After beating back the Mongols across the Euphrates, the Mamluk sultan Baybars was determined to oust the Crusaders from the Holy Land and bring it under Muslim Mamluk control. Before marching on the castle, Baybars captured the smaller castles in the area, including Chastel Blanc. On 3 March 1271, Baybars' army arrived at Krak des Chevaliers. By the time the Sultan arrived the castle may already have been blockaded by Mamluk forces for several days. There are three Arabic accounts of the siege; only one, that of Ibn Shaddad, was by a contemporary although he was not present. Peasants who lived in the area had fled to the castle for safety and were kept in the outer ward. As soon as Baybars arrived he began erecting mangonels, powerful siege weapons which he would turn on the castle. According to Ibn Shaddad, two days later the first line of defences was captured by the besiegers; he was probably referring to a walled suburb outside the castle's entrance.
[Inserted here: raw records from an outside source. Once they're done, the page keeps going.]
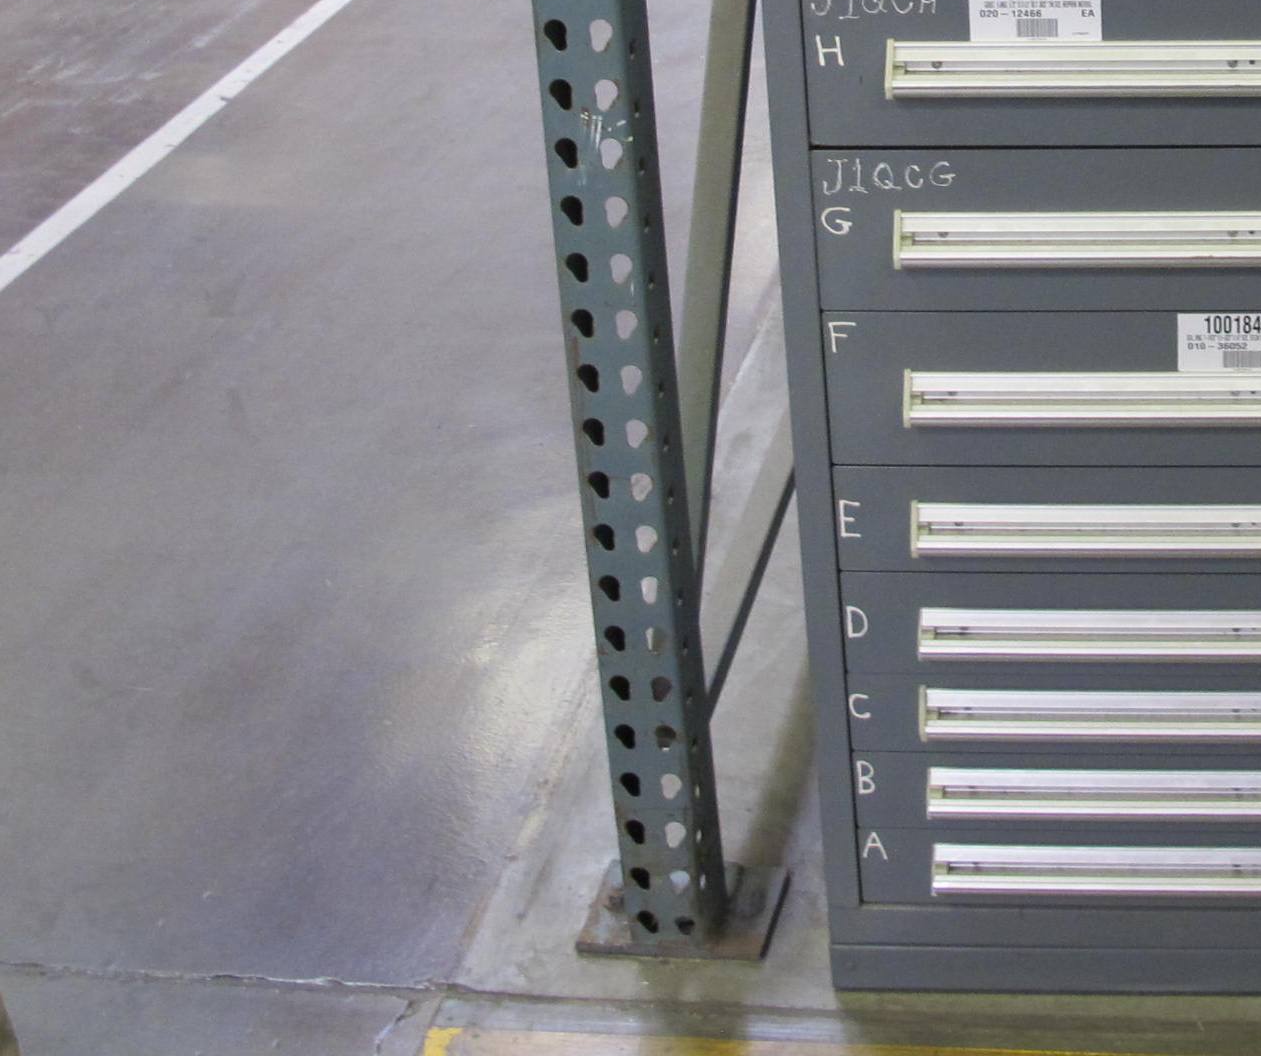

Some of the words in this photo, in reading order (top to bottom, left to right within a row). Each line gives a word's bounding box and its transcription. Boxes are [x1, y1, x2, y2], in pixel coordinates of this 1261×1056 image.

[1081, 9, 1095, 17] EA
[815, 34, 845, 67] H
[822, 158, 957, 195] J1QCG
[821, 207, 853, 235] G
[828, 321, 857, 353] F
[839, 499, 862, 538] E
[845, 605, 868, 639] D
[848, 693, 872, 719] C
[856, 760, 876, 795] B
[862, 831, 889, 861] A
Rain interrupted the siege, but on 21 March a triangular outwork immediately south of Krak des Chevaliers, possibly defended by a timber palisade, was captured. On 29 March, the tower in the south-west corner was undermined and collapsed. Baybars' army attacked through the breach and on entering the outer ward where they encountered the peasants who had sought refuge in the castle.

Though the outer ward had fallen, and in the process a handful of the garrison killed, the Crusaders retreated to the more formidable inner ward. After a lull of ten days, the besiegers conveyed a letter to the garrison, supposedly from the Grand Master of the Knights Hospitaller in Tripoli which granted permission for them to surrender. Although the letter was a forgery, the garrison capitulated and the Sultan spared their lives. The new owners of the castle undertook repairs, focused mainly on the outer ward. The Hospitaller chapel was converted to a mosque and two mihrabs were added to the interior.